The Advancement of Learning eBook

This eBook from the Gutenberg Project consists of approximately 298 pages of information about The Advancement of Learning.

The Advancement of Learning eBook

This eBook from the Gutenberg Project consists of approximately 298 pages of information about The Advancement of Learning.

(3) Now that there are many of that kind need not be doubted.  For example:  Is not the rule, Si inoequalibus aequalia addas, omnia erunt inaequalia, an axiom as well of justice as of the mathematics? and is there not a true coincidence between commutative and distributive justice, and arithmetical and geometrical proportion?  Is not that other rule, Quae in eodem tertio conveniunt, et inter se conveniunt, a rule taken from the mathematics, but so potent in logic as all syllogisms are built upon it?  Is not the observation, Omnia mutantur, nil interit, a contemplation in philosophy thus, that the quantum of nature is eternal? in natural theology thus, that it requireth the same omnipotency to make somewhat nothing, which at the first made nothing somewhat? according to the Scripture, Didici quod omnia opera, quoe fecit Deus, perseverent in perpetuum; non possumus eis quicquam addere nec auferre.  Is not the ground, which Machiavel wisely and largely discourseth concerning governments, that the way to establish and preserve them is to reduce them ad principia—­a rule in religion and nature, as well as in civil administration?  Was not the Persian magic a reduction or correspondence of the principles and architectures of nature to the rules and policy of governments?  Is not the precept of a musician, to fall from a discord or harsh accord upon a concord or sweet accord, alike true in affection?  Is not the trope of music, to avoid or slide from the close or cadence, common with the trope of rhetoric of deceiving expectation?  Is not the delight of the quavering upon a stop in music the same with the playing of light upon the water?

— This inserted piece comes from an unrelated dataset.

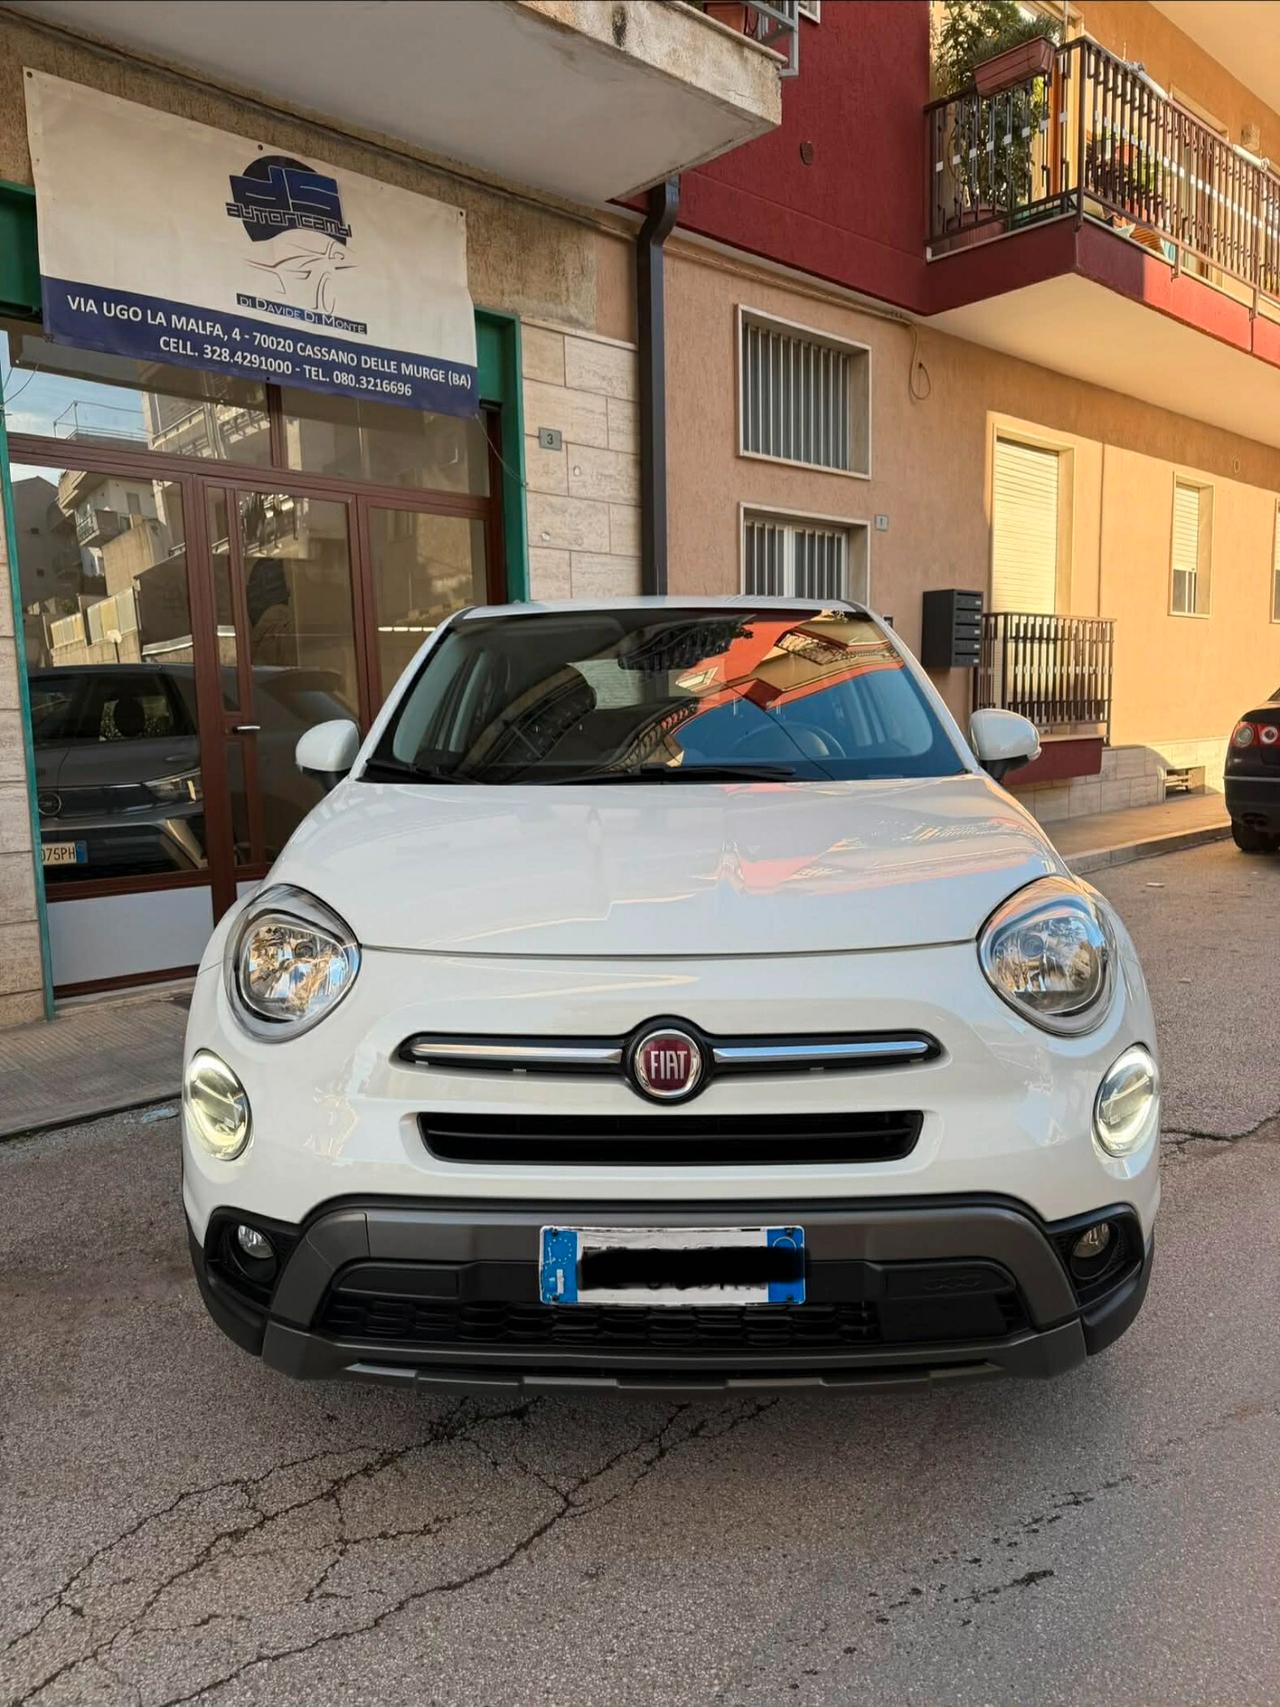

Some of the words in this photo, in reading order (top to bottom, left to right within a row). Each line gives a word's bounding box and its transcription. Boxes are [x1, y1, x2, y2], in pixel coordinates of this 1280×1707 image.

“Splendet tremulo sub lumine pontus.”

Are not the organs of the senses of one kind with the organs of reflection, the eye with a glass, the ear with a cave or strait, determined and bounded?  Neither are these only similitudes, as men of narrow observation may conceive them to be, but the same footsteps of nature, treading or printing upon several subjects or matters.  This science therefore (as I understand it) I may justly report as deficient; for I see sometimes the profounder sort of wits, in handling some particular argument, will now and then draw a bucket of water out of this well for their present use; but the spring-head thereof seemeth to me not to have been visited, being of so excellent use both for the disclosing of nature and the abridgment of art.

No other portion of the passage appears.